On the weight distribution of the cosets of MDS codes

TL;DR

This paper refines the understanding of the weight distribution of cosets in MDS codes, providing new formulas and classifications for different coset weights, with applications to projective geometry and deep hole analysis.

Contribution

It introduces a structured formula for coset weight distributions, simplifies calculations for specific weights, and connects these distributions to geometric and covering properties.

Findings

All cosets of weight W=1 and W=d-1 have identical distributions.

Distributions for W=2 and W=d-2 are symmetrical.

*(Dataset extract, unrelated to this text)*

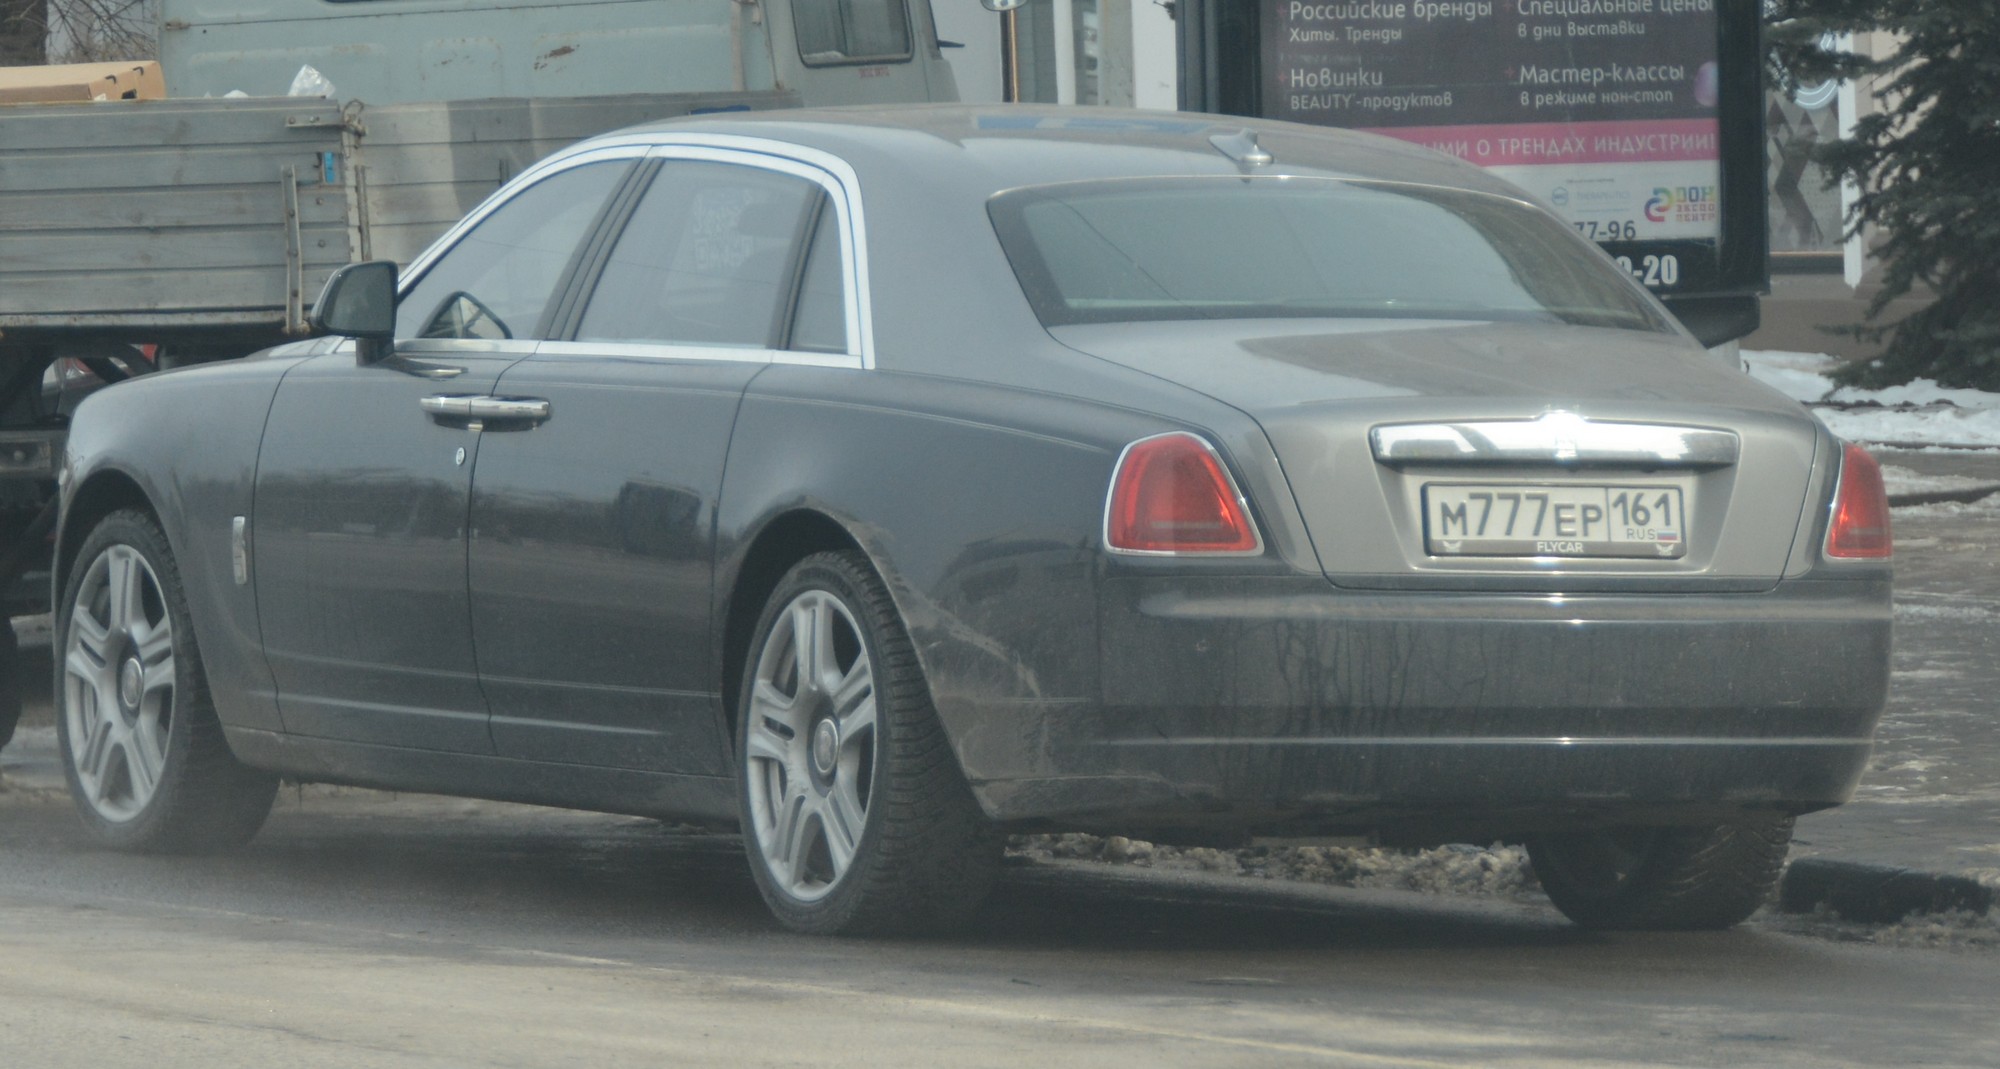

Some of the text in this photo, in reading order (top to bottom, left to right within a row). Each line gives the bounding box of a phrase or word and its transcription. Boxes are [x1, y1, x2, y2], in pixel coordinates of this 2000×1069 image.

MDS codes of covering radius d-1 relate to deep holes and optimal coverings.

Abstract

The weight distribution of the cosets of maximum distance separable (MDS) codes is considered. In 1990, P.G. Bonneau proposed a relation to obtain the full weight distribution of a coset of an MDS code with minimum distance $d$ using the known numbers of vectors of weights $\le d-2$ in this coset. In this paper, the Bonneau formula is transformed into a more structured and convenient form. The new version of the formula allows to consider effectively cosets of distinct weights $W$. (The weight $W$ of a coset is the smallest Hamming weight of any vector in the coset.) For each of the considered $W$ or regions of $W$, special relations more simple than the general ones are obtained. For the MDS code cosets of weight $W=1$ and weight $W=d-1$ we obtain formulas of the weight distributions depending only on the code parameters. This proves that all the cosets of weight $W=1$ (as well as $W=d-1$) have the same weight distribution. The cosets of weight $W=2$ or $W=d-2$ may have different weight distributions; in this case, we proved that the distributions are symmetrical in some sense. The weight distributions of the cosets of MDS codes corresponding to arcs in the projective plane $\mathrm{PG}(2,q)$ are also considered. For MDS codes of covering radius $R=d-1$ we obtain the number of the weight $W=d-1$ cosets and their weight distribution that gives rise to a certain classification of the so-called deep holes. We show that any MDS code of covering radius $R=d-1$ is an almost perfect multiple covering of the farthest-off points (deep holes); moreover, it corresponds to an optimal multiple saturating set in the projective space $\mathrm{PG}(N,q)$.